- _Task to complete_: The entries below should be given again exactly, minus their pictures.

- _Source records_:
+ + + +

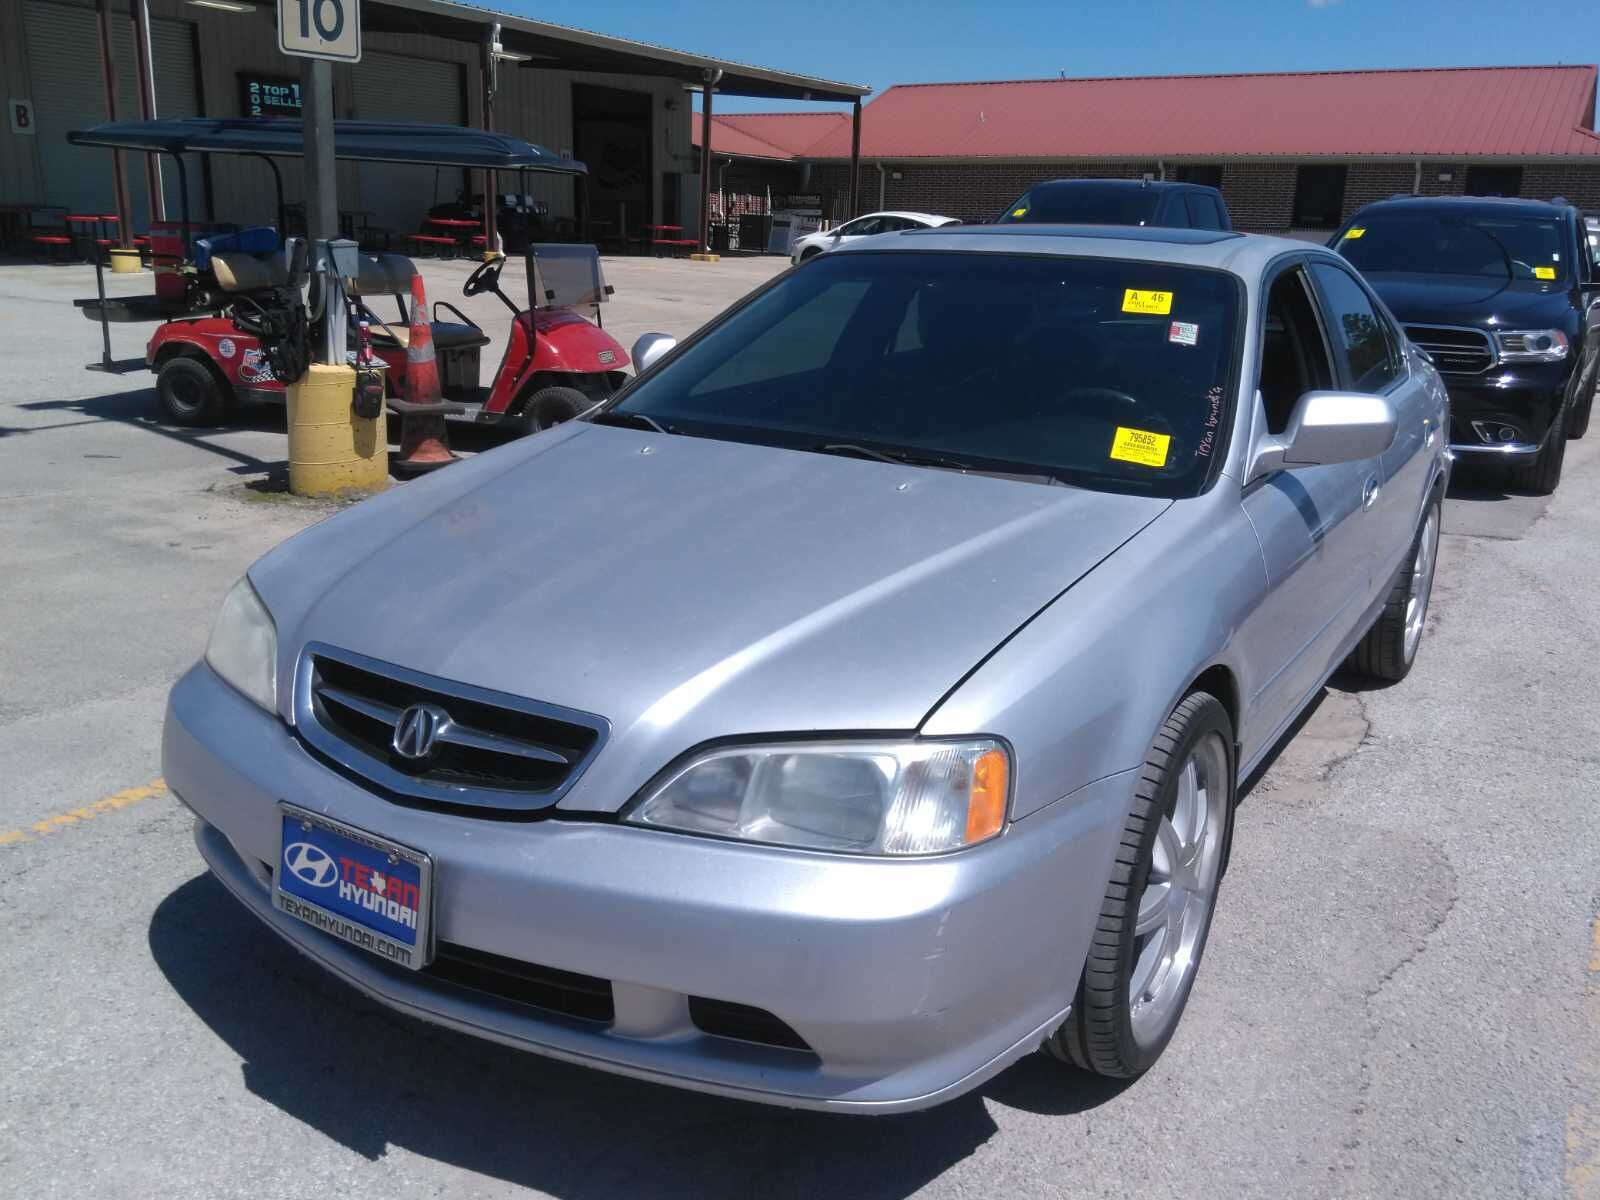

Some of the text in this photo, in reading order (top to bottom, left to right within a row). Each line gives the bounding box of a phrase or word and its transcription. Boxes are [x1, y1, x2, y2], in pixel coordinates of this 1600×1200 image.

[296, 0, 344, 42] 10
[263, 84, 289, 96] TOP
[263, 96, 303, 108] SELLE
[16, 104, 29, 128] B
[1130, 292, 1139, 301] A
[339, 880, 418, 929] HYUNDAI
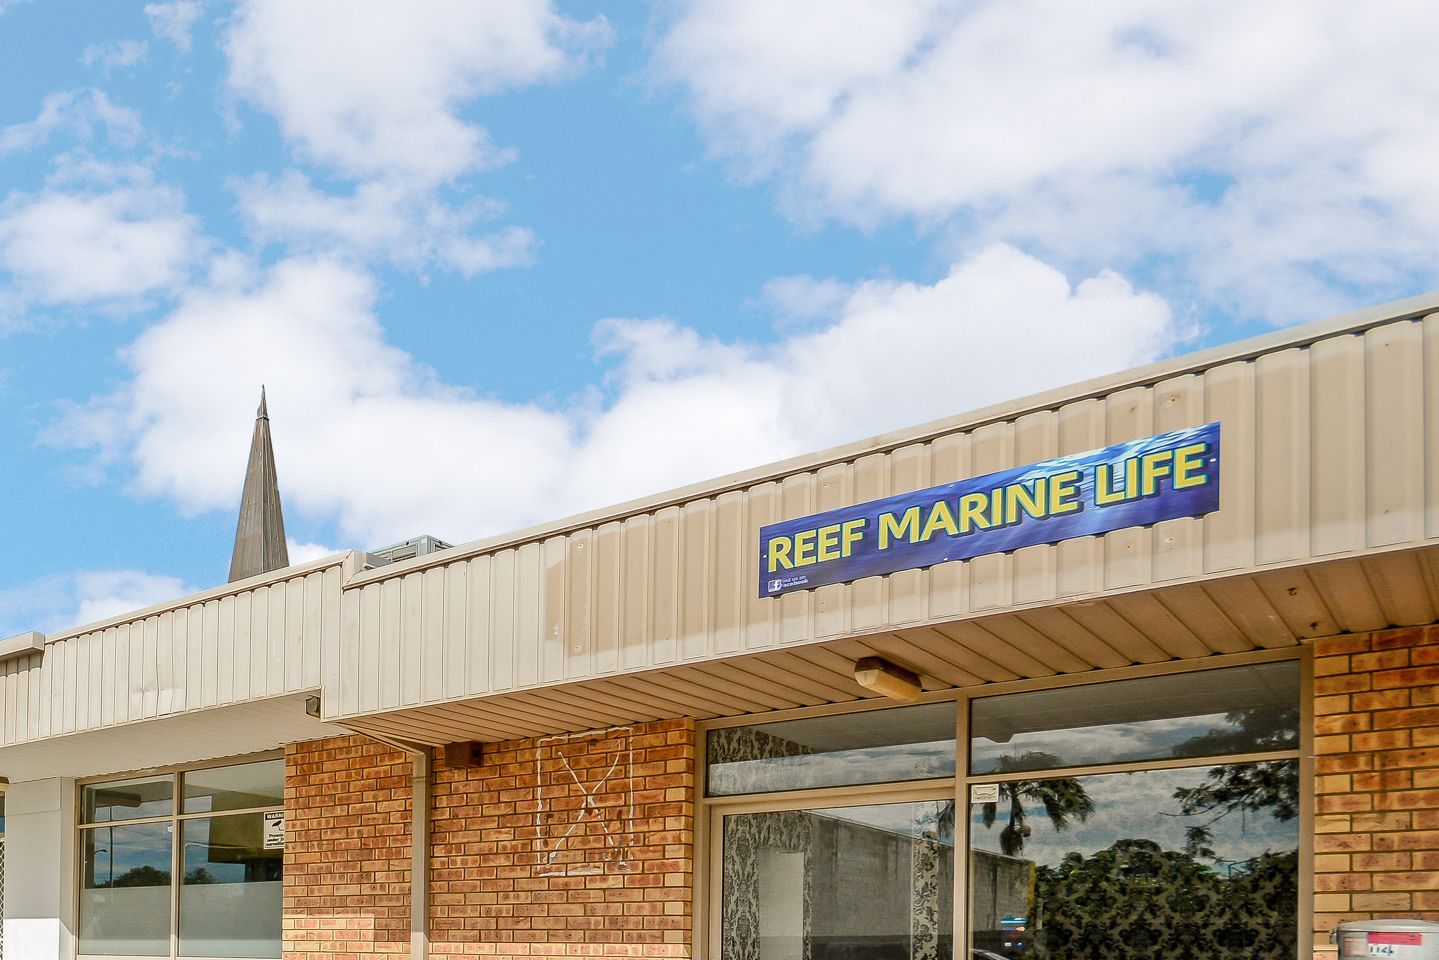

+ + + +

- _Answer box_:
Some of the text in this photo, in reading order (top to bottom, left to right within a row). Each line gives the bounding box of a phrase or word and its transcription. Boxes are [x1, y1, x2, y2], in pixel coordinates of this 1600×1200 image.

[296, 0, 344, 42] 10
[263, 84, 289, 96] TOP
[263, 96, 303, 108] SELLE
[16, 104, 29, 128] B
[1130, 292, 1139, 301] A
[339, 880, 418, 929] HYUNDAI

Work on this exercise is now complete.